Queues
------

- preserves order - FIFO
- queue of people in front of a ticker place

**Operations:**

stack: push and pop, peek

queue:
- enqueue / pushfront
- dequeue / popfront / removefront
- front
    - can't be done efficiently with just enqueue and dequeue
- note: dequeue != deque.
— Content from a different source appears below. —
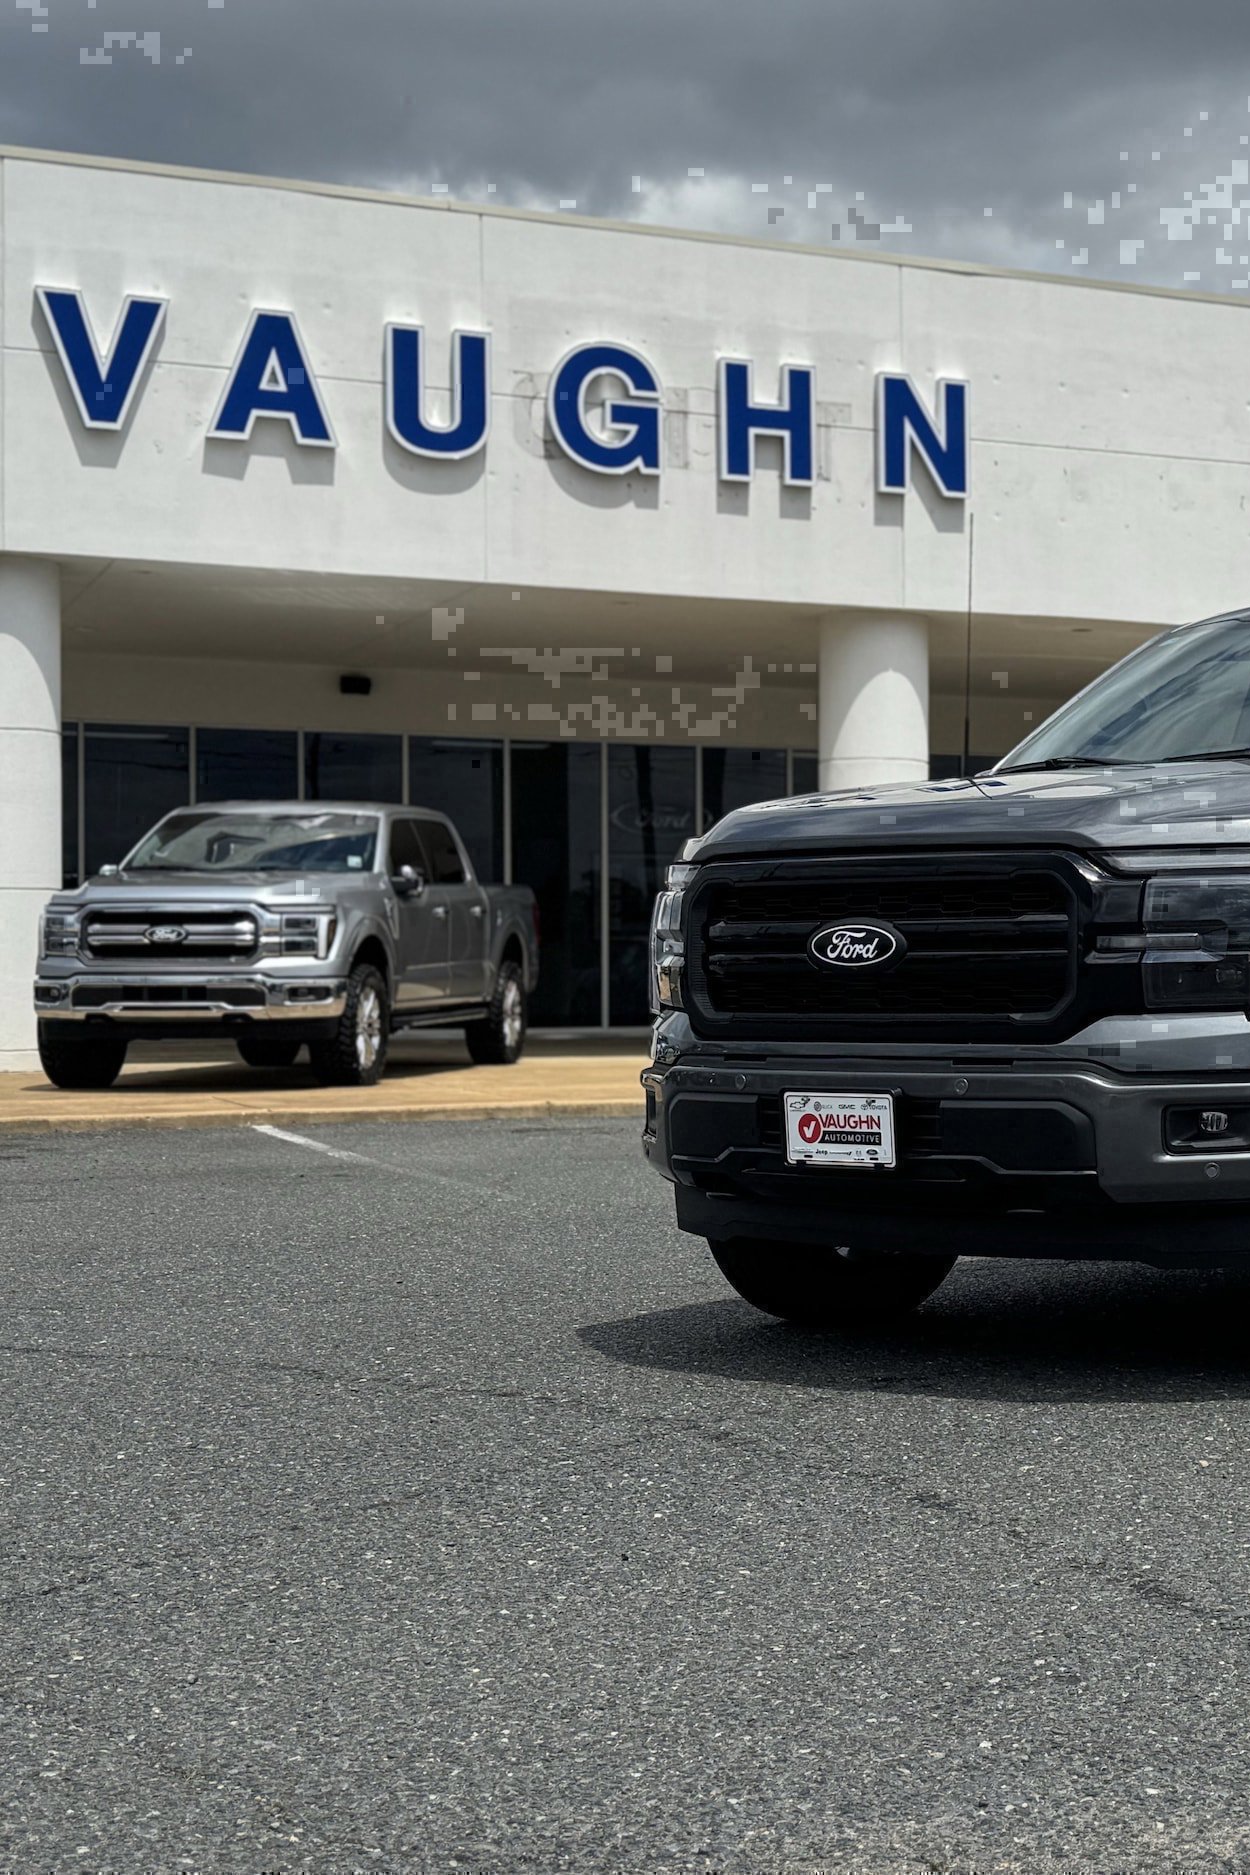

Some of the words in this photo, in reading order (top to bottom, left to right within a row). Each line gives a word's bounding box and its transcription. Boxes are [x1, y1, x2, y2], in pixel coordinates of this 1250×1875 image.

[33, 285, 971, 499] VAUGHN
[827, 931, 879, 958] Ford
[819, 1113, 881, 1130] VAUGHN
[824, 1133, 880, 1144] AUTOMOTIVE
DEQue stands for Double Ended Queue


-- --


Binary Numbers
--------------
> Generate all binary numbers upto $d$ digits.

- Keep 2 queues
- print 0
- Start with [1]
- pop and print
- append both 0 and 1 to it, and append to queue
- how to append to number? $\displaystyle x = 10x + 0, 10x + 1$

```
0
1
10 11
11 100 101
100 101 110 111
...
```

K-ary numbers
-------------
> Given N
> Print first N positive numbers, whose digits are either 1, 2, 3
> 
> output: 1 2 3 11 12 13 21 22 23 31 ...

-- --


Some Tree:
```
1          2           3
11 12 13  21 22 23   31 32 33
```
- BFS: level order traversal: Queue
- DFS: stack 

-- --


Implementations
---------------

**Queue using Array**
- front pointer
- read pointer
- enqueue: insert after rear. increment rear
- dequeue: return front. increment front
- issue: wasted space
    - empty space, but overflow
    - can be fixed by using a circular queue


**Queue using Stacks**
- enqueue: push  $O(1)$
- dequeue: pop all into auxillary. pop and return top of auxillary. push all back again  $O(n)$


What is we want dequeue to be fast, but enqueue can be slow?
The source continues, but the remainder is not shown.